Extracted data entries
- Opening Delimiter -
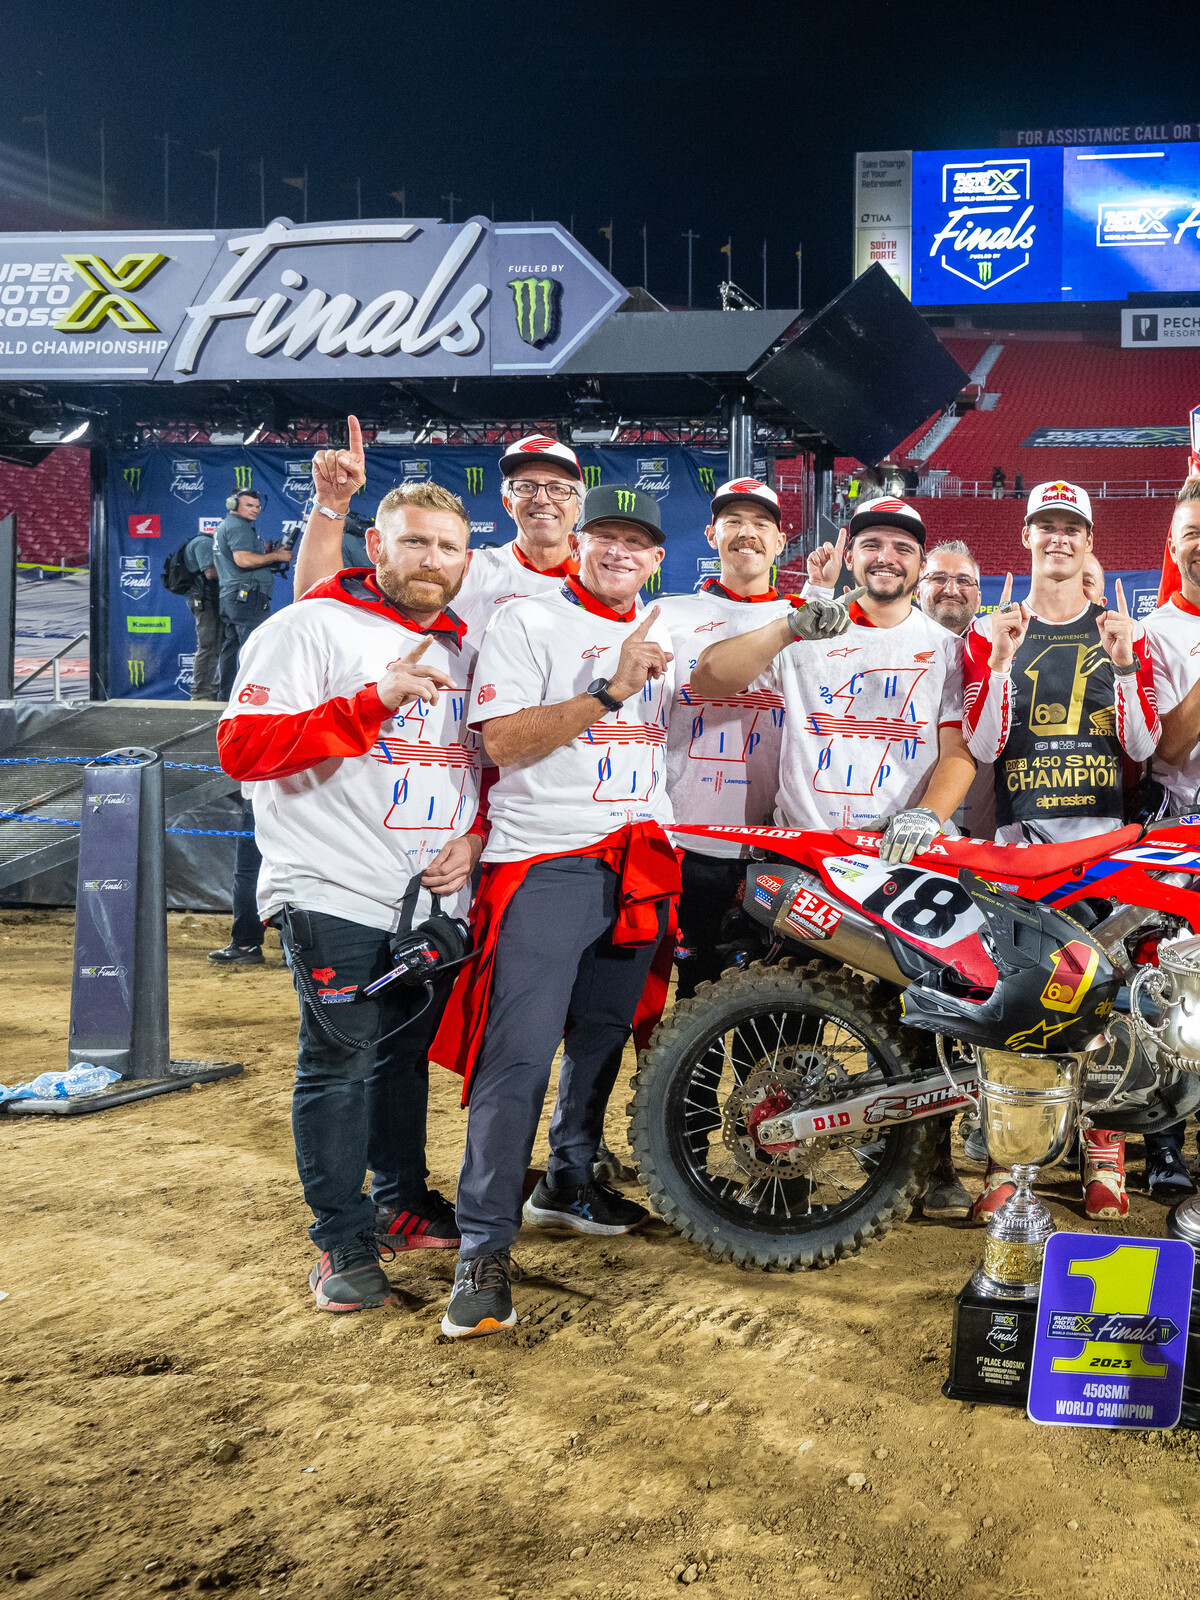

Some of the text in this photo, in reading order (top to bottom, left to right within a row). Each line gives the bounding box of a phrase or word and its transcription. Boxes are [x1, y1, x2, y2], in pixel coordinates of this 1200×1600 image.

[1017, 131, 1043, 145] FOR
[1047, 127, 1130, 144] ASSISTANCE
[1134, 125, 1168, 141] CALL
[1173, 124, 1191, 139] OR
[871, 214, 891, 222] TIAA
[930, 205, 1036, 257] Finals
[870, 241, 897, 250] SOUTH
[0, 263, 76, 282] PER
[508, 264, 565, 273] FUELED BY
[0, 285, 70, 305] OTO
[174, 221, 492, 375] Finals
[0, 307, 70, 327] OSS
[1163, 330, 1200, 338] RESORT
[32, 341, 168, 354] CHAMPIONSHIP
[170, 475, 204, 492] Finals
[282, 476, 313, 492] Final
[634, 474, 671, 490] Finals
[1042, 492, 1077, 504] Red Bull
[120, 572, 151, 587] Finals
[175, 668, 194, 685] Fin
[1089, 728, 1115, 736] HON
[1007, 755, 1118, 770] 2023 450 SMX
[1036, 794, 1096, 809] alpinestars
[707, 826, 801, 839] DUNLOP
[855, 835, 949, 856] HOA
[792, 890, 842, 930] ヨシムラ
[862, 867, 974, 938] 18
[788, 911, 826, 939] YOSHIMURA
[813, 1112, 850, 1131] D.I.D
[986, 1326, 1018, 1341] Finals
[1095, 1313, 1157, 1341] Finals
[984, 1357, 1001, 1367] PLACE
[1002, 1360, 1025, 1370] 450SMX
[1089, 1358, 1133, 1368] 2023
[1083, 1383, 1130, 1400] 450SMX
[1055, 1400, 1154, 1419] WORLD CHAMPION
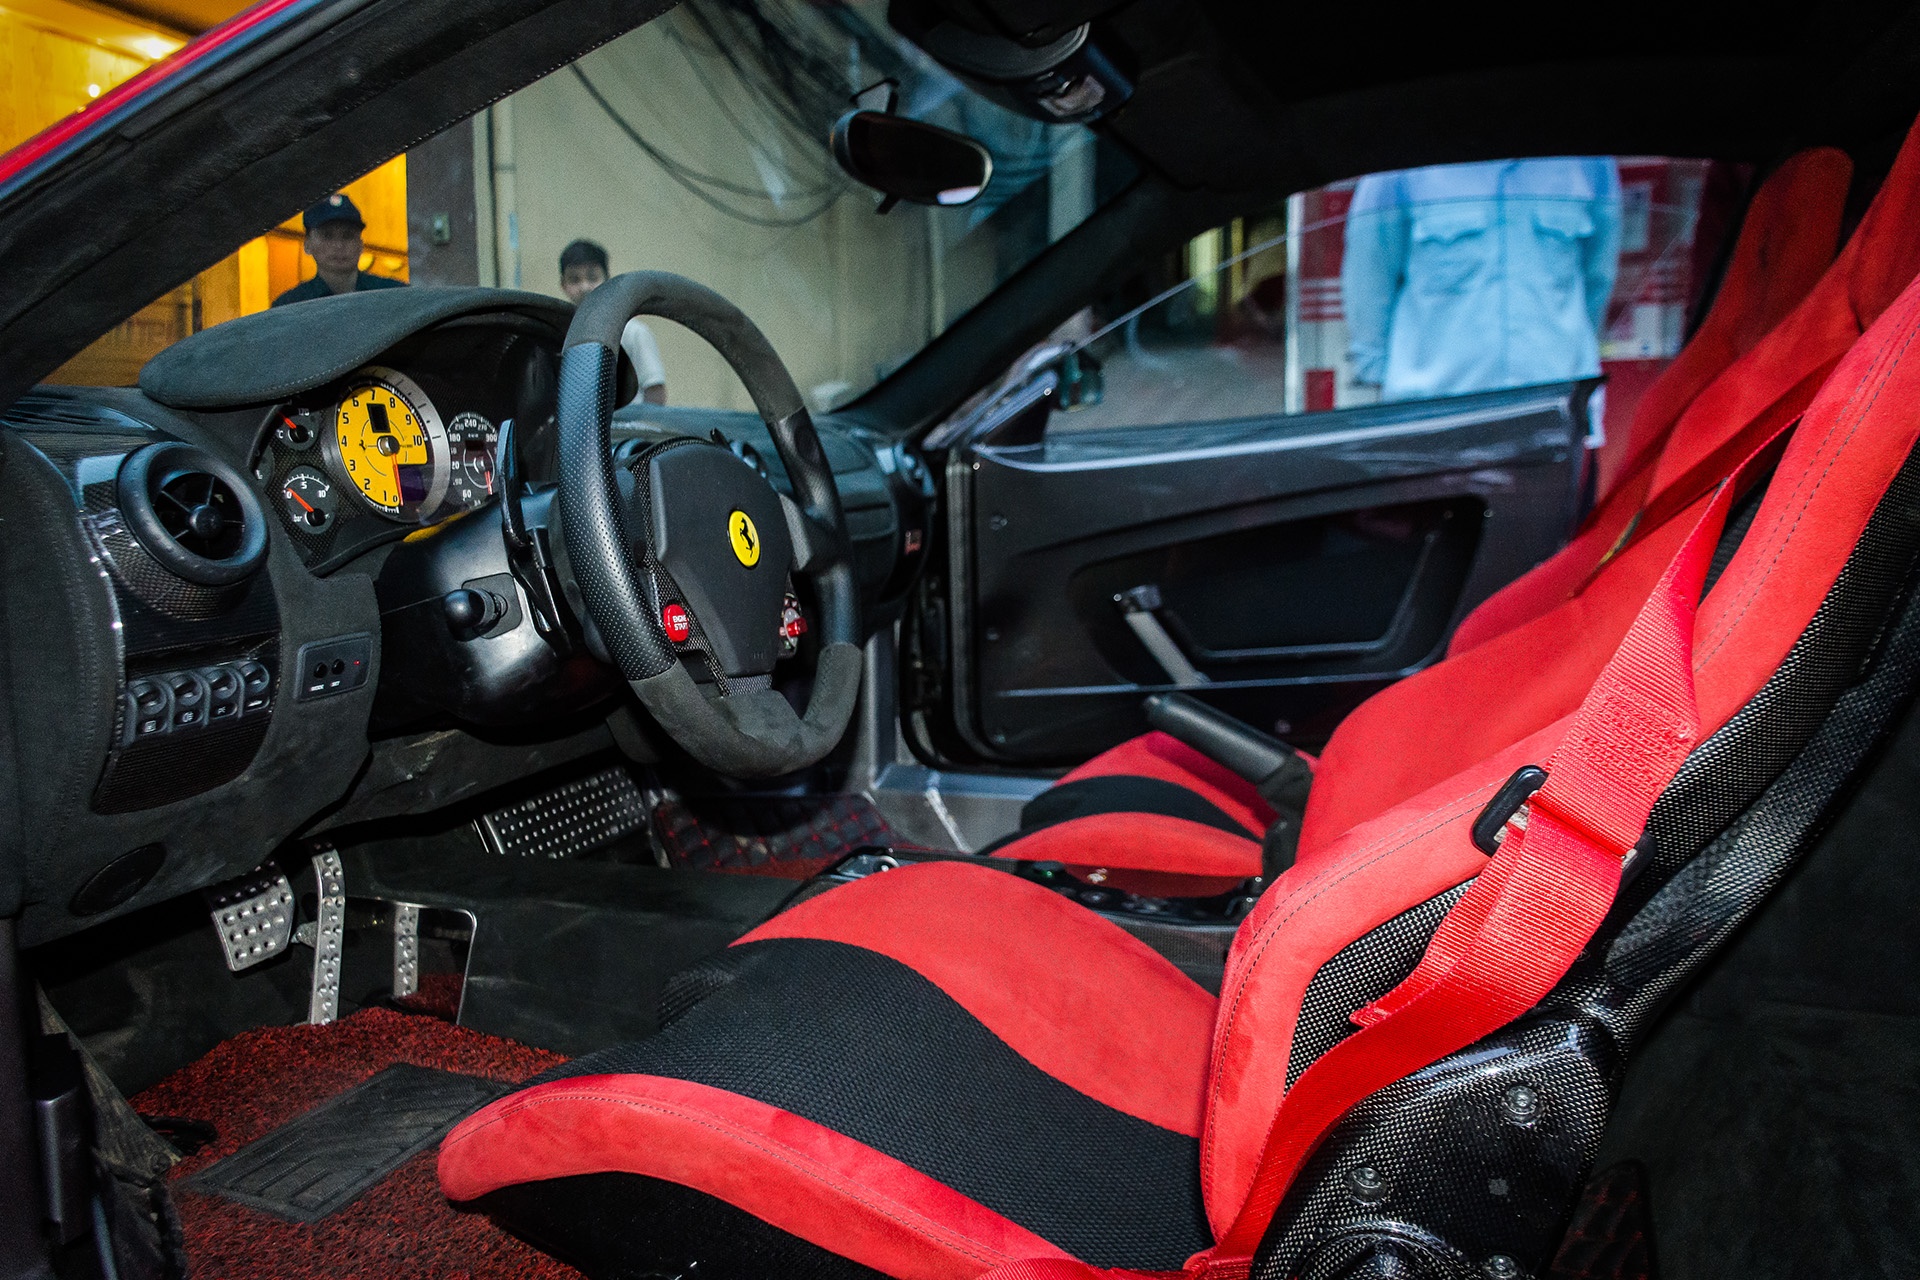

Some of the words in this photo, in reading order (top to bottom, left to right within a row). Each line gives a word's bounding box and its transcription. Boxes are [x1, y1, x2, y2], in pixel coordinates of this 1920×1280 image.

[371, 389, 376, 400] 7
[352, 397, 360, 407] 6
[389, 397, 396, 408] 8
[342, 412, 350, 424] 5
[405, 414, 412, 425] 9
[464, 418, 477, 428] 240
[341, 436, 348, 447] 4
[413, 435, 423, 446] 10
[349, 459, 356, 472] 3
[364, 478, 371, 490] 2
[318, 490, 326, 498] 10
[672, 614, 687, 623] ENGINE
[674, 622, 689, 631] START
- Closing Delimiter -
- TASK INSTRUCTIONS: Give back the records above word for word, minus any image they hold.

- TASK RESULT:
Some of the text in this photo, in reading order (top to bottom, left to right within a row). Each line gives the bounding box of a phrase or word and its transcription. Boxes are [x1, y1, x2, y2], in pixel coordinates of this 1200×1600 image.

[1017, 131, 1043, 145] FOR
[1047, 127, 1130, 144] ASSISTANCE
[1134, 125, 1168, 141] CALL
[1173, 124, 1191, 139] OR
[871, 214, 891, 222] TIAA
[930, 205, 1036, 257] Finals
[870, 241, 897, 250] SOUTH
[0, 263, 76, 282] PER
[508, 264, 565, 273] FUELED BY
[0, 285, 70, 305] OTO
[174, 221, 492, 375] Finals
[0, 307, 70, 327] OSS
[1163, 330, 1200, 338] RESORT
[32, 341, 168, 354] CHAMPIONSHIP
[170, 475, 204, 492] Finals
[282, 476, 313, 492] Final
[634, 474, 671, 490] Finals
[1042, 492, 1077, 504] Red Bull
[120, 572, 151, 587] Finals
[175, 668, 194, 685] Fin
[1089, 728, 1115, 736] HON
[1007, 755, 1118, 770] 2023 450 SMX
[1036, 794, 1096, 809] alpinestars
[707, 826, 801, 839] DUNLOP
[855, 835, 949, 856] HOA
[792, 890, 842, 930] ヨシムラ
[862, 867, 974, 938] 18
[788, 911, 826, 939] YOSHIMURA
[813, 1112, 850, 1131] D.I.D
[986, 1326, 1018, 1341] Finals
[1095, 1313, 1157, 1341] Finals
[984, 1357, 1001, 1367] PLACE
[1002, 1360, 1025, 1370] 450SMX
[1089, 1358, 1133, 1368] 2023
[1083, 1383, 1130, 1400] 450SMX
[1055, 1400, 1154, 1419] WORLD CHAMPION

Some of the words in this photo, in reading order (top to bottom, left to right within a row). Each line gives a word's bounding box and its transcription. Boxes are [x1, y1, x2, y2], in pixel coordinates of this 1920×1280 image.

[371, 389, 376, 400] 7
[352, 397, 360, 407] 6
[389, 397, 396, 408] 8
[342, 412, 350, 424] 5
[405, 414, 412, 425] 9
[464, 418, 477, 428] 240
[341, 436, 348, 447] 4
[413, 435, 423, 446] 10
[349, 459, 356, 472] 3
[364, 478, 371, 490] 2
[318, 490, 326, 498] 10
[672, 614, 687, 623] ENGINE
[674, 622, 689, 631] START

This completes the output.